There are, however, three peculiarities in this enumeration of the tribes which demand a more particular explanation. The number indeed is twelve, but that number is made up in a peculiar manner.

(1.) Joseph is mentioned, and also Manasseh. The matter of fact was, that Joseph had two sons, Ephraim and Manasseh, (Ge 48:1) and that these two sons gave name to two of the tribes, the tribes of Ephraim and Manasseh. There was, properly speaking, no tribe of the name Joseph. In Nu 13:1 the name Levi is omitted, as it usually is, because that tribe had no inheritance in the division of the land; and in order that the number twelve might be complete, Ephraim and Joseph are mentioned as two tribes, Re 7:8,11. In verse 11, the writer states expressly that by the tribe Joseph he meant Manasseh—"Of the tribe of Joseph, namely, of the tribe of Manasseh," etc. From this it would seem that, as Manasseh was the oldest, (Ge 48:14) the name Joseph was sometimes given to that tribe. As Ephraim, however, became the largest tribe, and as Jacob in blessing the two sons of Joseph (Ge 48:14) laid his right hand on Ephraim, and pronounced a special blessing on him, (Ge 48:19-20) it would seem not improbable that, when not particularly designated, the name Joseph was given to that tribe, as it is evidently in this place. Possibly the name Joseph may have been a general name which was occasionally applied to either of these tribes. In the long account of the original division of Canaan, in Joshua 13-19, Levi is omitted, because he had no heritage, and Ephraim and Manasseh are mentioned as two tribes. The name Joseph in the passage before us (Re 7:8) is doubtless designed, as remarked above, to refer to Ephraim.

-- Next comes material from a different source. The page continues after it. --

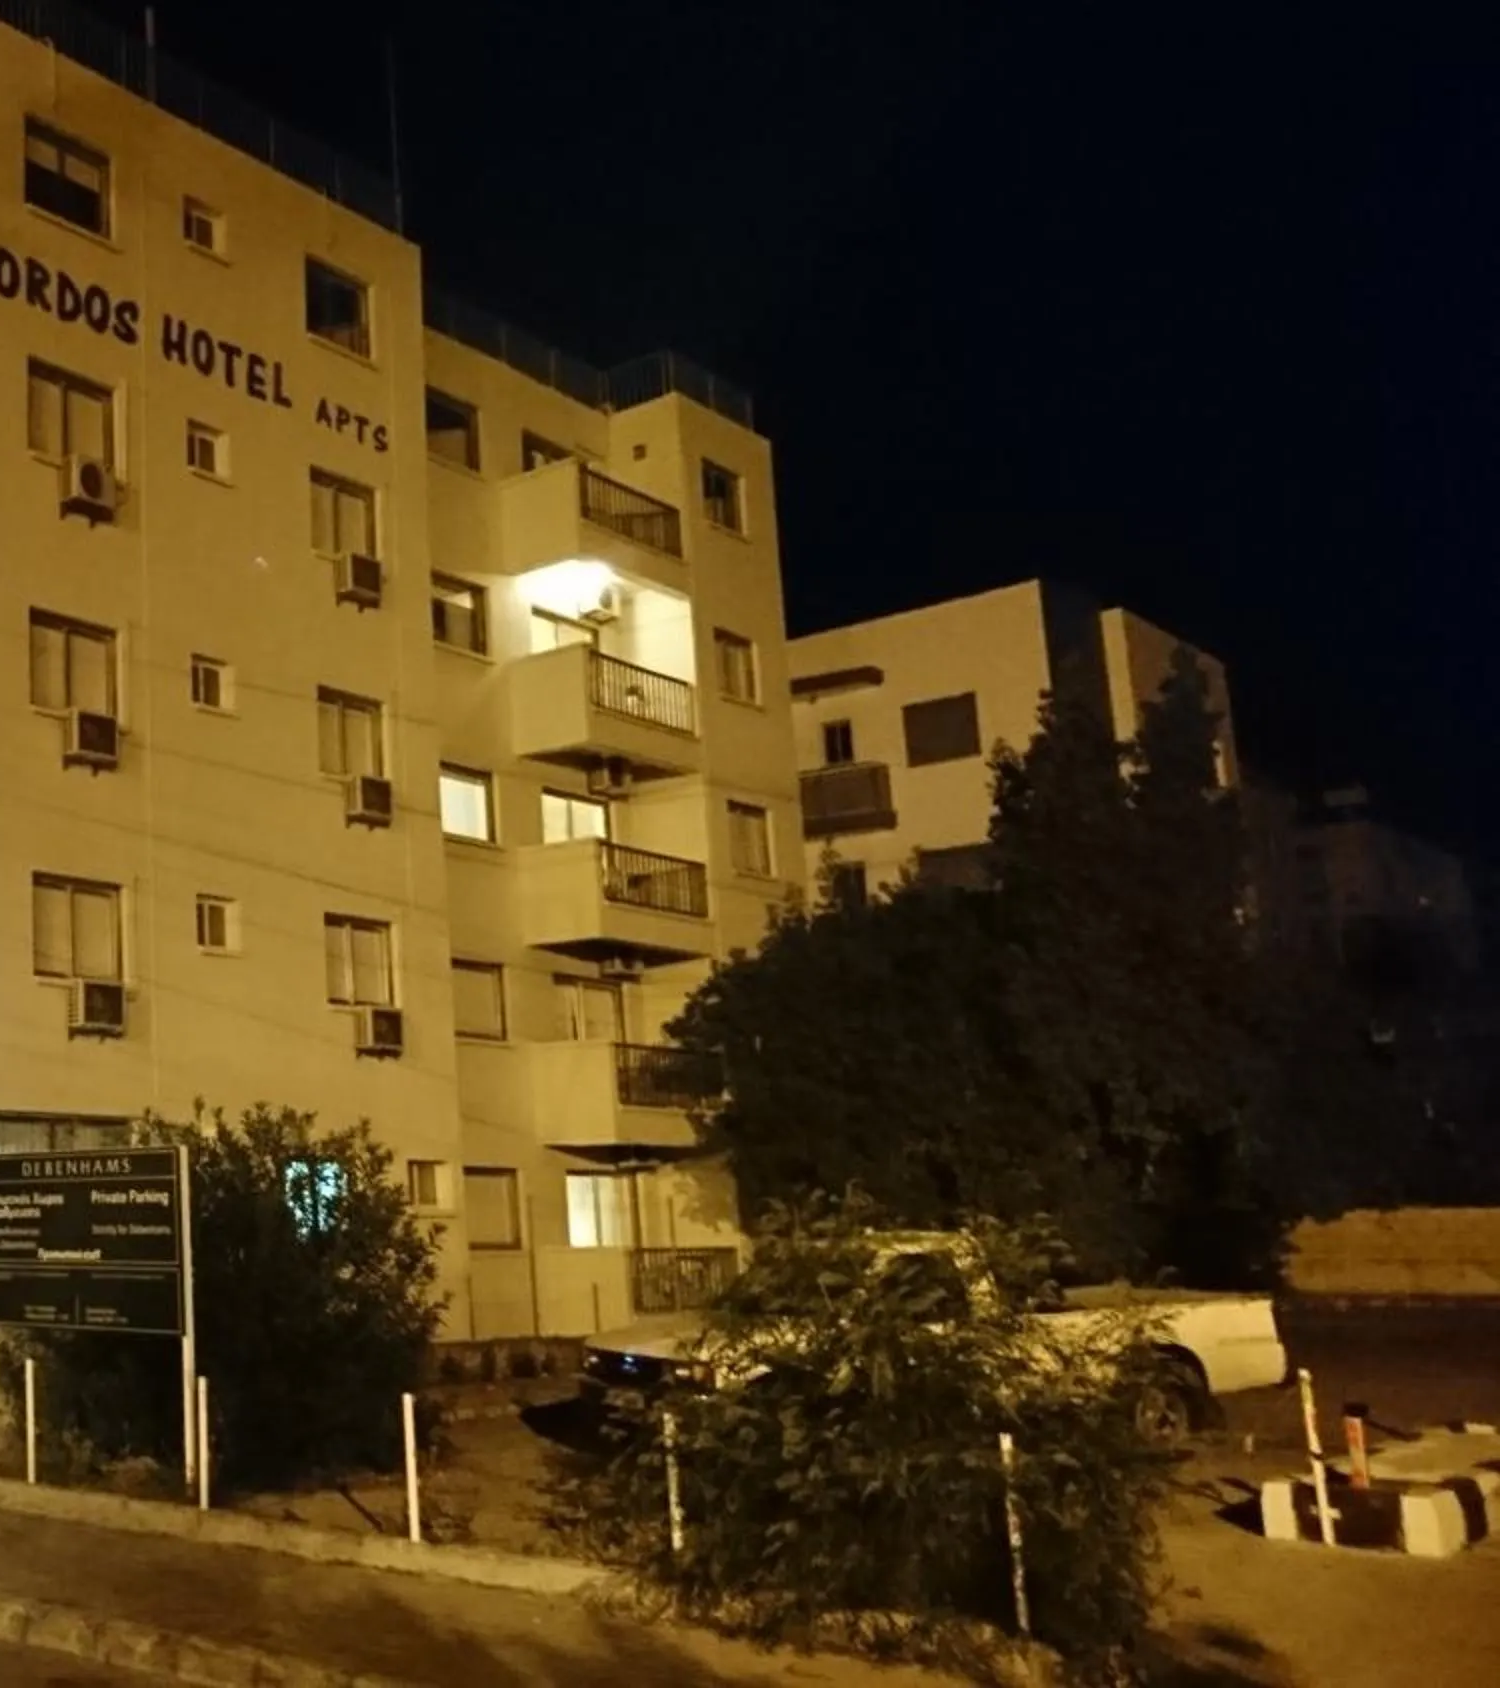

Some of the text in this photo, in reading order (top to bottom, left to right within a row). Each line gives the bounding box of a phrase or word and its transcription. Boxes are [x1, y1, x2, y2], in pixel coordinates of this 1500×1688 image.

[162, 313, 293, 408] HOTEL
[315, 397, 389, 453] APTS
[21, 1157, 132, 1177] DEBENHAMS

(2.) In this list (Re 7:7) the name of Levi is inserted among the tribes. As already remarked, this name is not commonly inserted among the tribes of the children of Israel, because that tribe, being devoted to the sacerdotal office, had no inheritance in the division of the country, but was scattered among the other tribes. See Jos 14:3-4; 18:7. It may have been inserted here, if this refers to the Christian church, to denote that the ministers of the gospel, as well as other members of the church, would share in the protection implied by the sealing; that is, to denote that no class in the church would be excluded from the blessings of salvation.

(3.) The name of one of the tribes—Dan—is omitted; so that by this omission, and the insertion of the tribe of Levi, the original number of twelve is preserved. There have been numerous conjectures as to the reason why the tribe of Dan is omitted here, but none of the solutions proposed are without difficulty. All that can be known, or regarded as probable, on the subject, seems to be this:—

(a) As the tribe of Levi was usually omitted in an enumeration of the tribes, because that tribe had no part in the inheritance of the Hebrew people in the division of the land of Canaan, so there appear to have been instances in which the names of some of the other tribes were omitted, the reason for which is not given. Thus, in Deuteronomy 33, in the blessing pronounced by Moses on the tribes just before his death, the name Simeon is omitted. In 1 Chronicles 4-8, the names of Zebulun and Dan are both omitted. It would seem, therefore, that the name of a tribe might be sometimes omitted without any particular reason being specified.

(b) It has been supposed by some that the name Dan was omitted because that tribe was early devoted to idolatry, and continued idolatrous to the time of the captivity. Of that fact there can be no doubt, for it is expressly affirmed in Jud 18:30; and that fact seems to be a sufficient reason for the omission of the name. As being thus idolatrous, it was in a measure separated from the people of God, and deserved not to be reckoned among them; and in enumerating those who were the servants of God, there seemed to be a propriety that a tribe devoted to idolatry should not be reckoned among the number. This will account for the omission without resorting to the supposition of Grotius, that the tribe of Dan was extinct at the time when the Apocalypse was written—a fact which also existed in regard to all the ten tribes; or to the supposition of Andreas and others, that Dan is omitted because Antichrist was to spring from that tribe—a supposition which is alike without proof and without probability. The fact that Dan was omitted cannot be supposed to have any special significancy in the case before us. Such an omission is what, as we have seen, might have occurred at any time in the enumeration of the tribes.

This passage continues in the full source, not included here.